Section 4 of the 2013 Companies Act, in conjunction with Section 10, establishes that a company’s memorandum must outline its intended objectives and other relevant information. However, many companies registered with the Ministry of Corporate Affairs fail to comply with this requirement.

Many companies registered with the Ministry of Corporate Affairs fail to comply with the requirement of declaring the objects and related topics in the object clause of the memorandum of association.

Non-compliance with Companies

Appreciating Move by a Company for Maintaining Corporate Governance:

Regaal Resources Ltd. has voluntarily submitted an application regarding the terms of Section 4 read with Section 10 of the 2013 Companies Act. This article discusses one such order issued in this matter.

“Adjudication Order in the Matter of Regaal Resources Limited”

I. FACTS OF THE CASE:

a. Regaal Resources Limited was established on 02.03.2012, and on 16.02.2015, the company changed its primary objective to include the business of fine chemicals. The company subsequently started its starch manufacturing facilities, commencing starch production in September 2018.

b. On 10.02.2020, the company further changed its primary objective, specifically incorporating the starch industry.

c. The company admits that it operated its starch business in violation of the provisions of its Memorandum of Association (MOA) during the years 2018-19 and 2019-20.

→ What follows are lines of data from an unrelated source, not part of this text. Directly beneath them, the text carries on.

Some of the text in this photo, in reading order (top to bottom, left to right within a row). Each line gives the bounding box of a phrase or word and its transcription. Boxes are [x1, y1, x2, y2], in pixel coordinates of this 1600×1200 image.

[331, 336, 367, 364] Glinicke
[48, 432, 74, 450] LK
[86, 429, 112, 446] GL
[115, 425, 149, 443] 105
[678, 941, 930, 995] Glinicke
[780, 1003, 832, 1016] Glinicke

d. Based on the above, it is evident that the aforementioned provision has been prima facie violated, and as a result, the company and its directors are subject to penalties under Section 450 of the Companies Act 2013. The penalty is applicable from February 16, 2015, to February 9, 2020.

ORDER:

As per Section 450 of the Companies Act 2013, if a company or any officer contravenes any provision of the Act, they shall be liable to a penalty of ten thousand rupees. In case of continuing contravention, a further penalty of one thousand rupees per day may be imposed, subject to a maximum of two lakh rupees for a company and fifty thousand rupees for an officer who is in default.

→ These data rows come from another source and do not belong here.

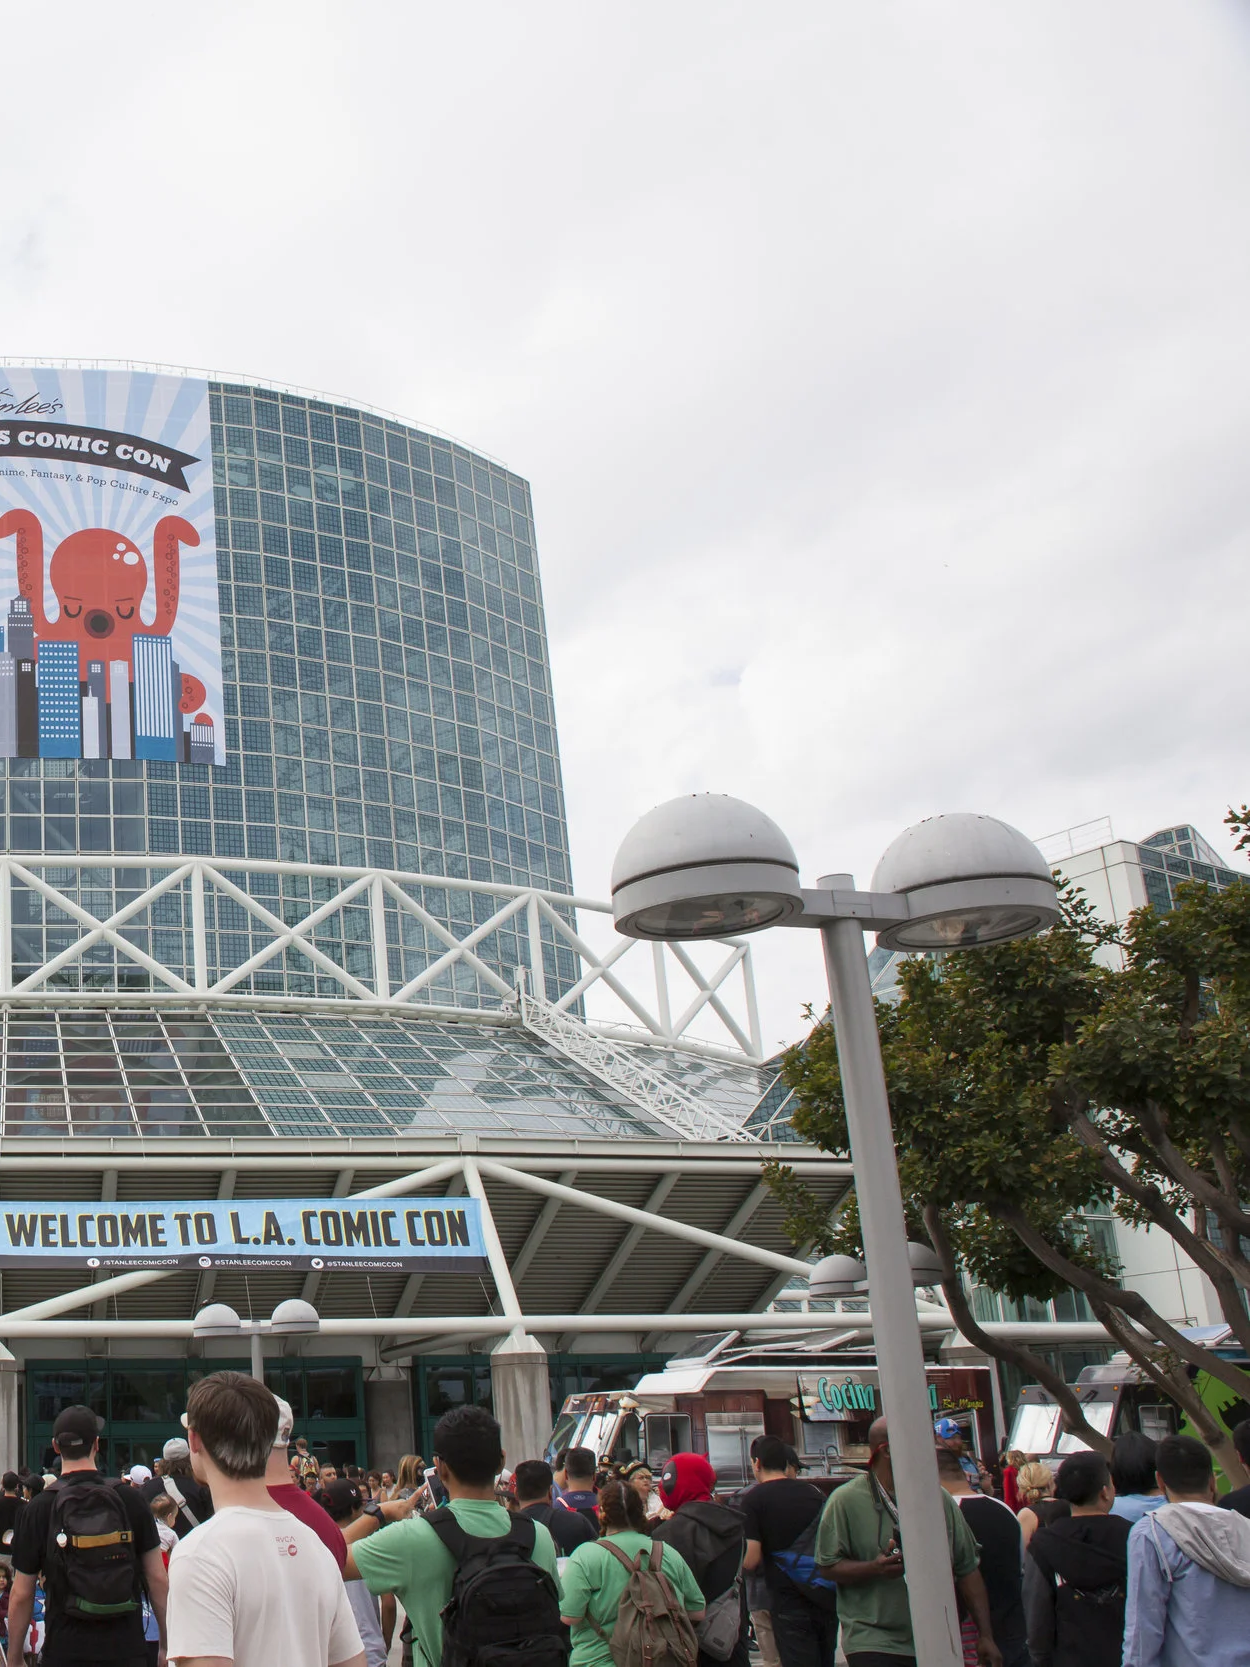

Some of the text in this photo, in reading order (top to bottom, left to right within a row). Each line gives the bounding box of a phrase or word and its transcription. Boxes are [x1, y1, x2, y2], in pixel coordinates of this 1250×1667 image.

[17, 430, 110, 455] COMIC
[115, 444, 172, 473] CON
[31, 470, 73, 482] Fantasy,
[75, 474, 84, 482] &
[87, 475, 107, 488] Pop
[110, 479, 149, 496] Culture
[152, 491, 179, 507] Expo
[4, 1209, 471, 1248] WELCOME TO L.A. COMIC CON
[214, 1258, 292, 1267] @STANLEECOMICCON
[327, 1259, 403, 1269] @STANLEECOMICCON
[817, 1376, 876, 1412] Cocina

As per the section of 450 of companies act 2013 If a company or any officer of a company or any other person contravenes any of the provisions of this Act or the rules made thereunder, or any condition, limitation or restriction subject to which any approval, sanction, consent, confirmation, recognition, direction or exemption in relation to any matter has been accorded, given or granted, and for which no penalty or punishment is provided elsewhere in this Act, the company and every officer of the company who is in default or such other person shall be liable to a penalty of ten thousand rupees, and in case of continuing contravention, with a further penalty of one thousand rupees for each day after the first during which the contravention continues, subject to a maximum of two lakh rupees in case of a company and fifty thousand rupees in case of an officer who is in default or any other person.

According to Rule 3(12) of the Companies (Adjudication of Penalties) Rules, 2014, the Registrar of Companies, Kolkata has levied a total penalty of Rs. 350,000, taking into account the relevant criteria. This penalty consists of Rs. 200,000 against the company and Rs. 50,000 against each 3 officer in violation.

Conclusion: It is evident that a significant number of companies registered with the Ministry of Corporate Affairs are not fulfilling the obligation of disclosing the objects and related topics in the object clause of the memorandum of association. This noncompliance raises concerns about transparency and adherence to corporate governance principles. It is crucial for companies to adhere to legal requirements and ensure proper disclosure in order to maintain credibility and meet regulatory standards. Compliance with the Companies Act and related regulations is essential for the smooth functioning and reputation of companies in the corporate landscape.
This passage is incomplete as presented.